To take a closer look at the DEA results, plot the heatmap of the per-sample mean gene expression for the top most differentially expressed genes based on non-adjusted pvalue.
# Select the top 50 genes with the smallest adjusted pvalue
df <- gene_list_2 %>% top_n(50,-log10(pvalue))
# Extract the corresponding pseudobulk count matrix
data <- data.frame(counts(dds, normalized=TRUE))[rownames(df),] %>% as.data.frame()
# Create an annotation dataframe which specifies the corresponding condition of each sample
# The rownames of it must be in the same order than the colnames of the data matrix
annotation <- dds@colData %>% as.data.frame()%>% dplyr::select(condition)
rownames(annotation) <- gsub("-",".",rownames(annotation))
# Create also an annotation for the gene, in order to highlight those with a significant adjusted pvalue
gene.annotation <- data.frame(row.names = rownames(data),padj= ifelse(rownames(data) %in% c(gene_list_2 %>% filter(padj<0.05) %>% pull(gene)),"padj < 0.05","padj > 0.05"))
# Use this function to scale the data = compute z-scores (it retrieves the cell-wise mean to each value and divides by the cell-wise standard deviation)
data <- flexible_normalization(data)
# List the color of the columns and rows annotation to display in the heatmap
annot.cols <- list("condition"=c("None"="#913c3c","Nintedanib"="#8e3c91"), "padj" =c("padj < 0.05"="gold","padj > 0.05"="grey"))
# Create a color palette for the scaled gene expression, with the white centered on 0 values
paletteLength = 100
myColor = colorRampPalette(rev(brewer.pal(n = 9, name ="RdBu")))(paletteLength)
Breaks = c(seq(min(data), 0, length.out=ceiling(paletteLength/2) + 1),
seq(max(data)/paletteLength, max(data), length.out=floor(paletteLength/2)))
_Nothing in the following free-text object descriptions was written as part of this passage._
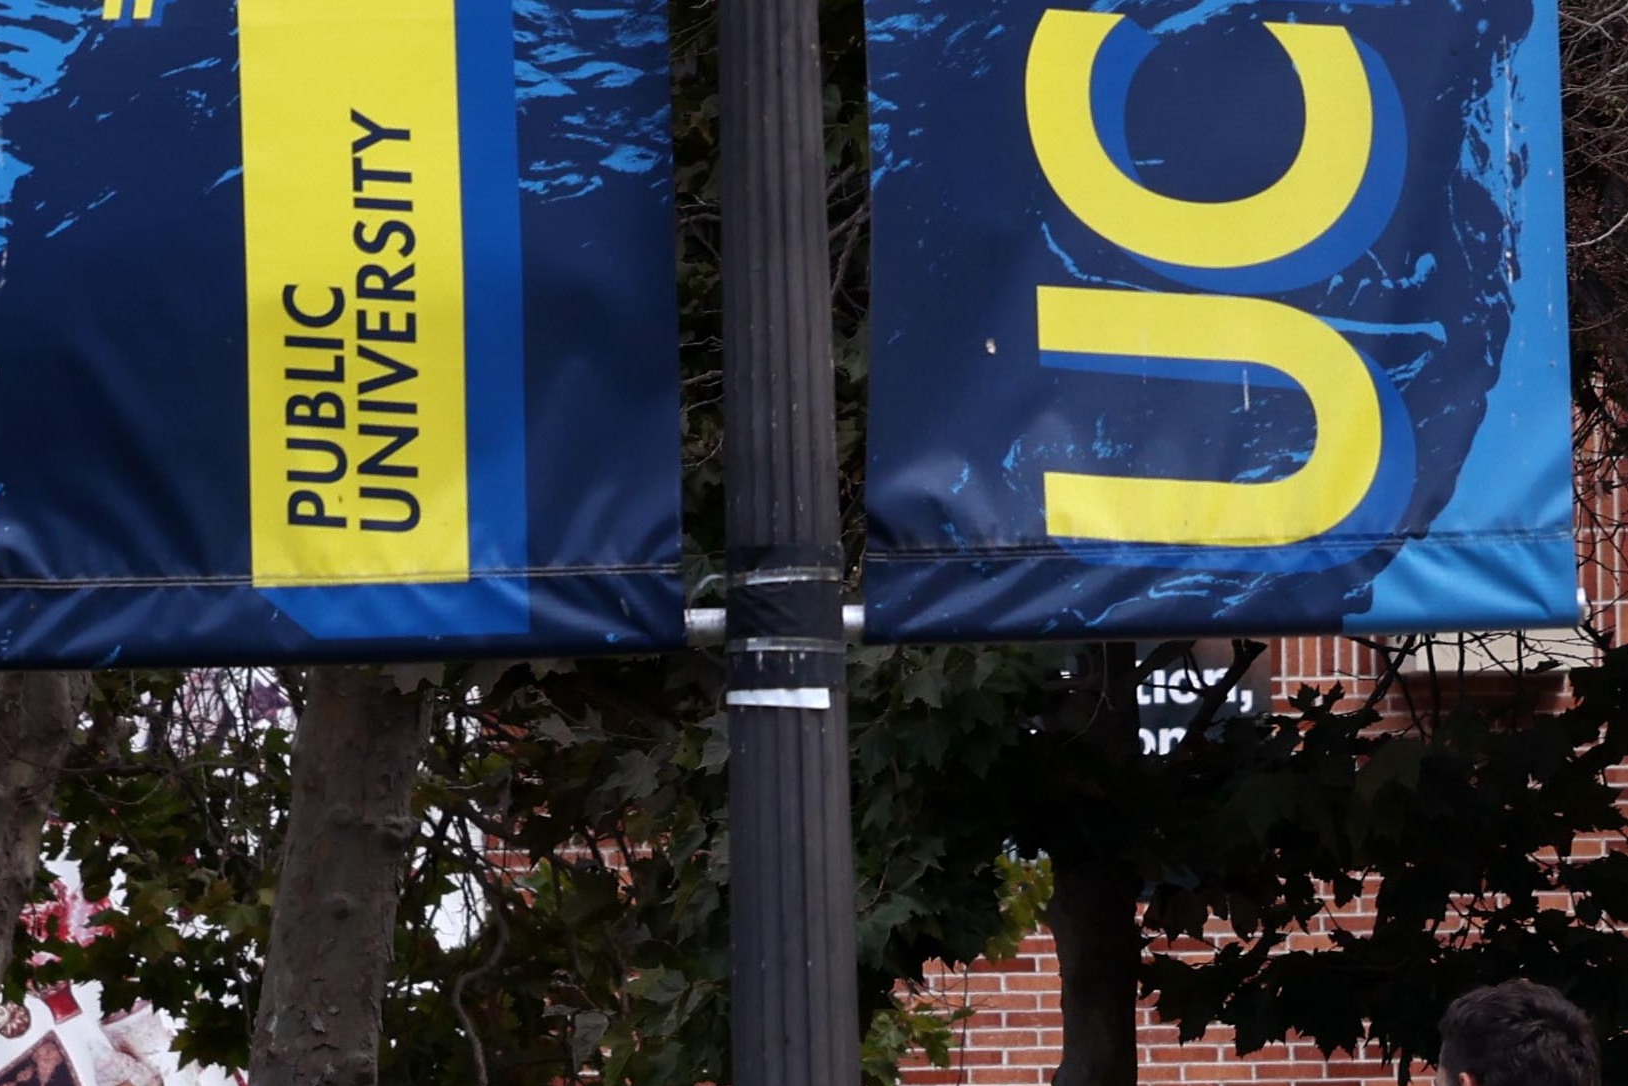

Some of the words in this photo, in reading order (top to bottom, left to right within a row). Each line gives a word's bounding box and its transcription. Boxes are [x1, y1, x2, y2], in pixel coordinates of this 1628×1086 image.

[282, 283, 349, 530] PUBLIC
[350, 108, 421, 534] UNIVERSITY
[1024, 0, 1382, 548] UC
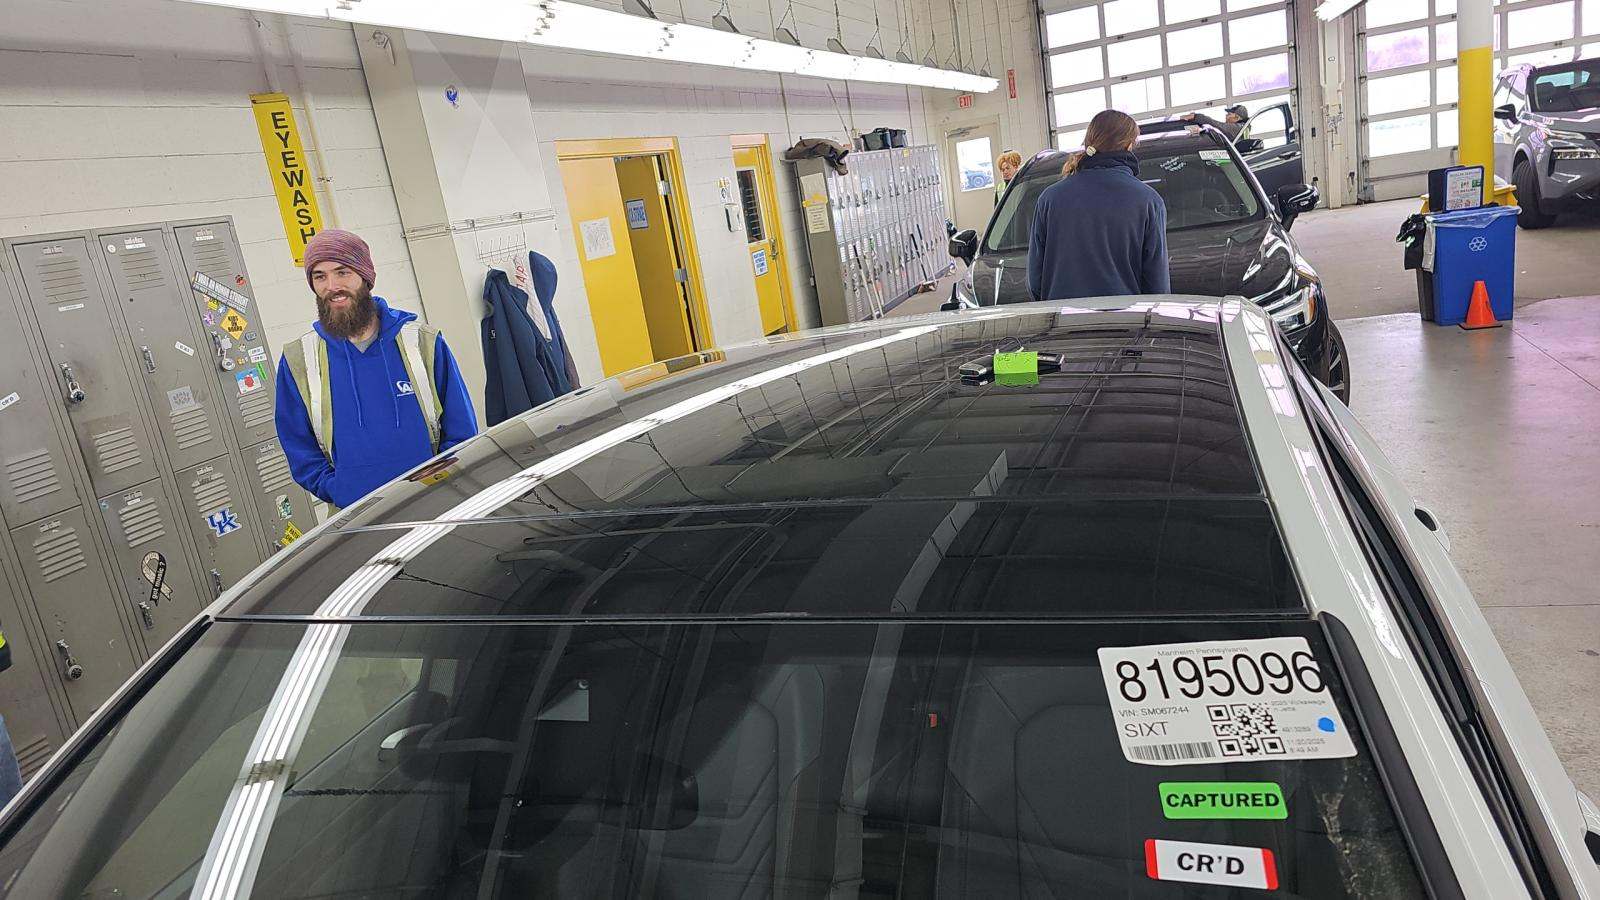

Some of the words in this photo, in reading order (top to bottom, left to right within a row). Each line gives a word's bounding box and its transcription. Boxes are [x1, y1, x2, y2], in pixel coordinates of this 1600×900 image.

[271, 111, 316, 244] EYEWASH
[151, 588, 160, 600] got
[1195, 646, 1249, 654] Pennsylvania
[1115, 651, 1326, 703] 8195096
[1118, 708, 1138, 718] VIN:
[1124, 721, 1169, 738] SIXT
[1165, 793, 1280, 808] CAPTURED
[1176, 852, 1245, 875] CR'D
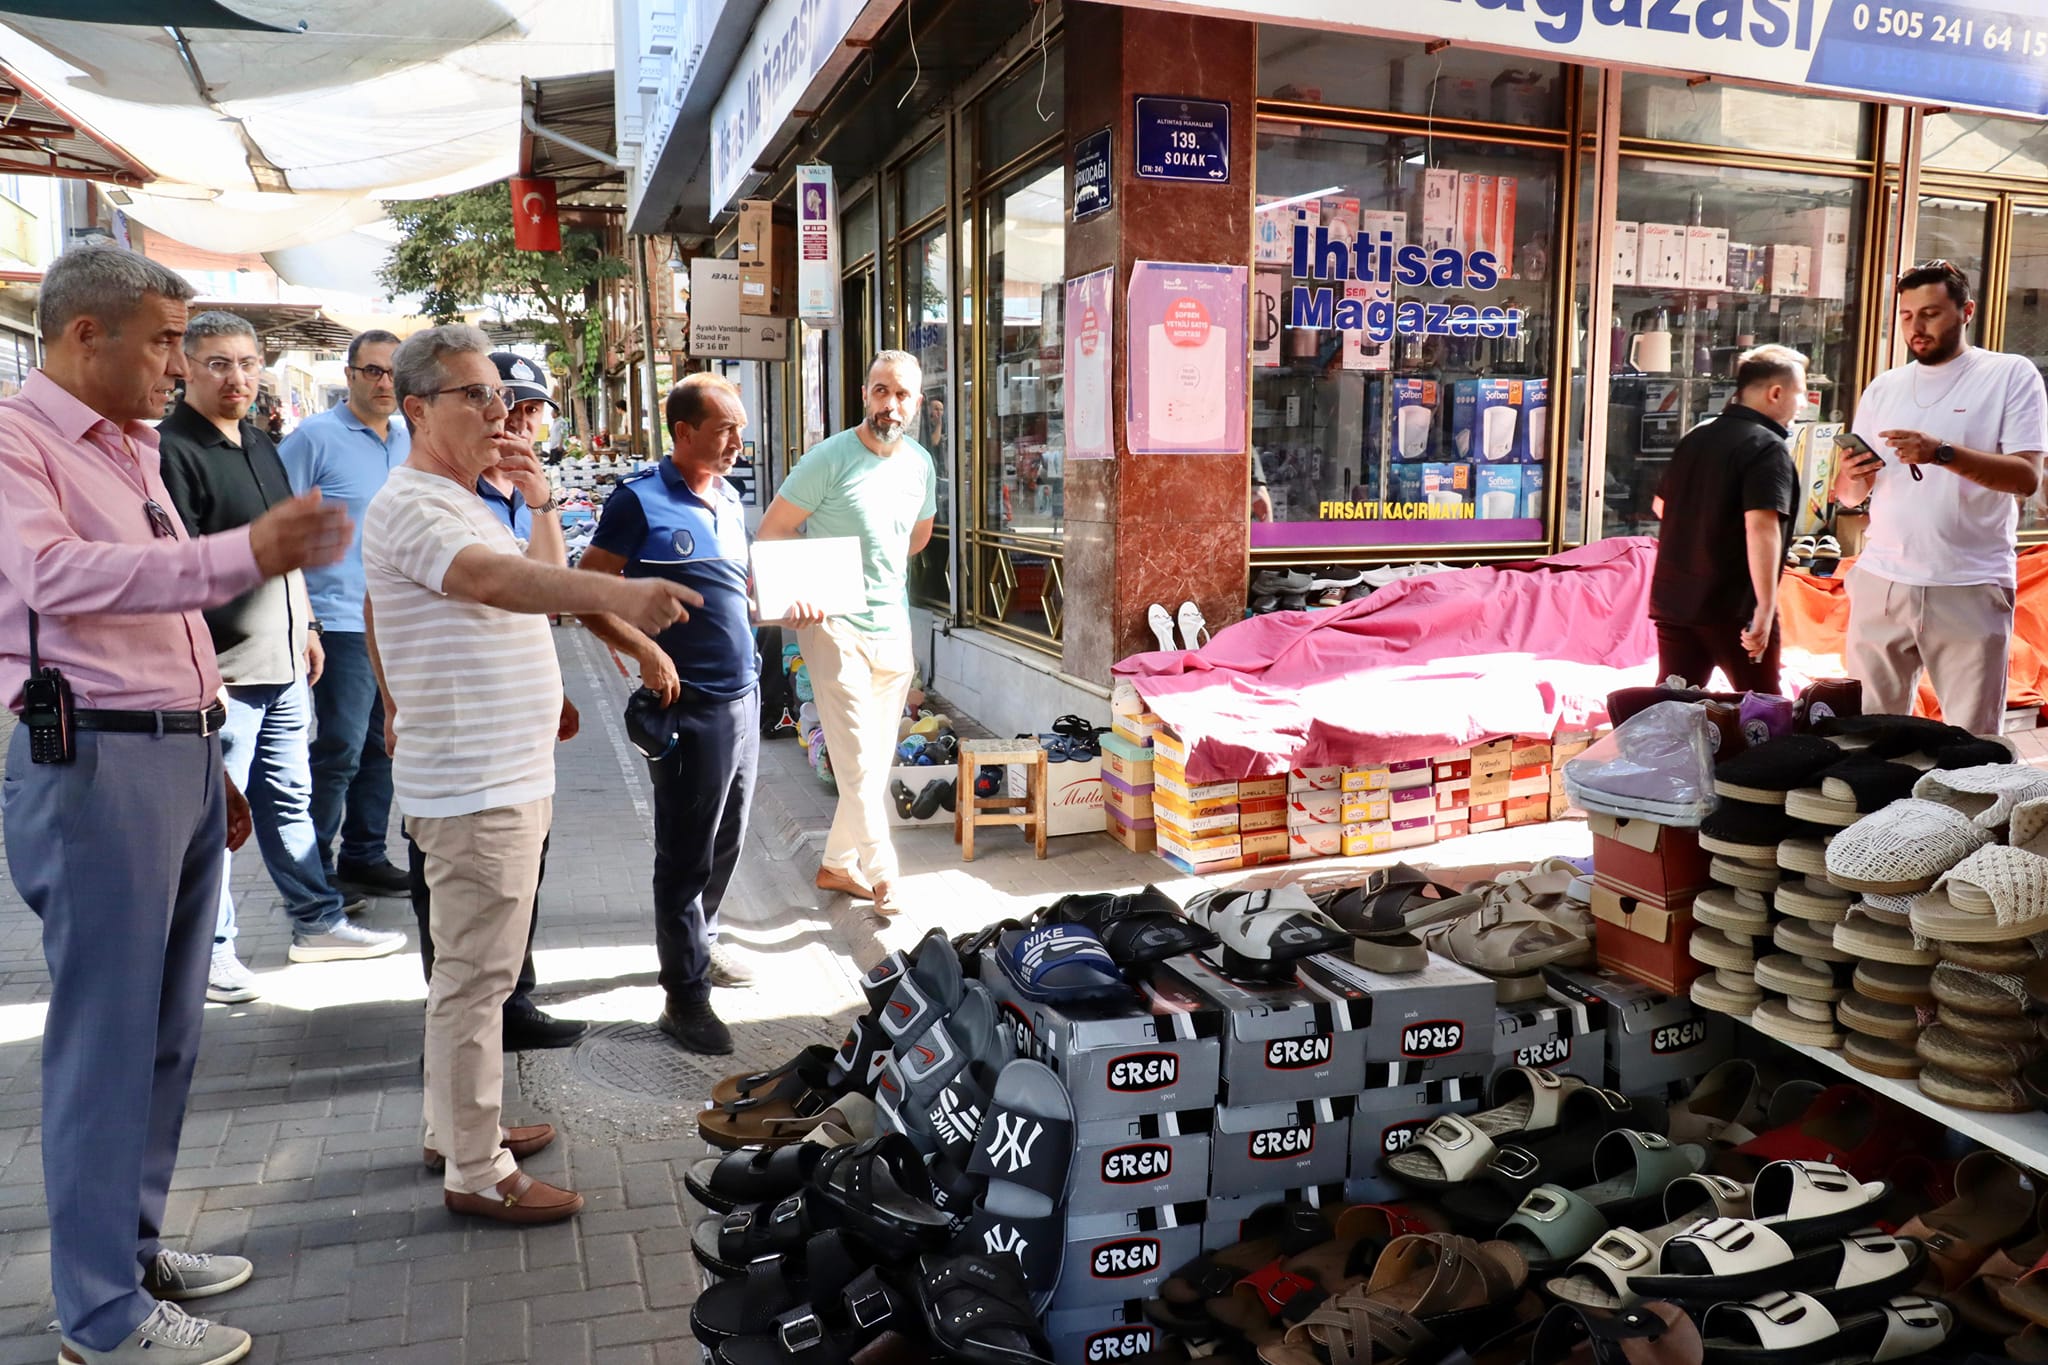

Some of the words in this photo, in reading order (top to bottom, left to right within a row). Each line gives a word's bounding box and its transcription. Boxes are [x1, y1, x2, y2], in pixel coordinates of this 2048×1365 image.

[1853, 3, 1870, 31] 0
[1876, 7, 1924, 38] 505
[1930, 15, 1974, 46] 241
[1983, 24, 2012, 51] 64
[2022, 29, 2048, 57] 15
[1183, 120, 1214, 129] MAHALLESİ
[1171, 130, 1200, 150] 139.
[1165, 151, 1206, 167] SOKAK
[1292, 209, 1499, 290] İhtisas
[1346, 287, 1367, 297] SEM
[1291, 285, 1520, 343] Mağazası
[696, 324, 717, 333] Ayaklı
[696, 333, 716, 341] Stand
[718, 343, 729, 351] BT
[1400, 389, 1423, 400] Şofben
[1486, 390, 1509, 402] Şofben
[1488, 475, 1514, 488] Şofben
[1319, 501, 1378, 520] FIRSATI
[1382, 502, 1475, 521] KAÇIRMAYIN
[1024, 927, 1064, 953] NIKE
[1404, 1025, 1462, 1052] EREN
[1654, 1021, 1705, 1050] EREN
[1268, 1037, 1330, 1065] EREN
[1517, 1038, 1569, 1066] EREN
[1111, 1058, 1175, 1086] EREN
[1314, 1070, 1330, 1079] sport
[1161, 1092, 1177, 1102] sport
[929, 1106, 961, 1146] NIKE
[1252, 1127, 1312, 1156] EREN
[1105, 1150, 1169, 1179] EREN
[1296, 1158, 1312, 1168] sport
[1153, 1183, 1170, 1193] sport
[1094, 1243, 1158, 1274] EREN
[1142, 1276, 1159, 1286] sport
[1088, 1331, 1151, 1362] EREN
p2 <- pheatmap(t(data),annotation_row = annotation,annotation_col = gene.annotation,annotation_colors = annot.cols,cluster_cols = T,cluster_rows = T,color = myColor,fontsize_col = 10,treeheight_row = 10,treeheight_col = 10,breaks = Breaks,show_colnames = T)
By comparing both heatmaps visually, it appears that the signature identified with pseudobulks is more consistent across biological replicates than that obtained via the Wilcoxon test (see the genes highlighted in the red boxes). This comparison illustrates the limitations of examinating results solely on the basis of pvalues and their adjustment.
Also, when we compare the top 50 differentially expressed genes with the smallest pvalue identified using the Pseudobulk-based or the Wilcoxon-based approach, we observed than the Pseufobulk approach tends to select lower expressed genes.
On one hand, it can be seen as a positive feature that prevent detecting genes with a high mean-to-variance relation.
However, it may also favors the detection of lowly-expressed genes that are noisy, such as ambient RNA or other ectopic molecules.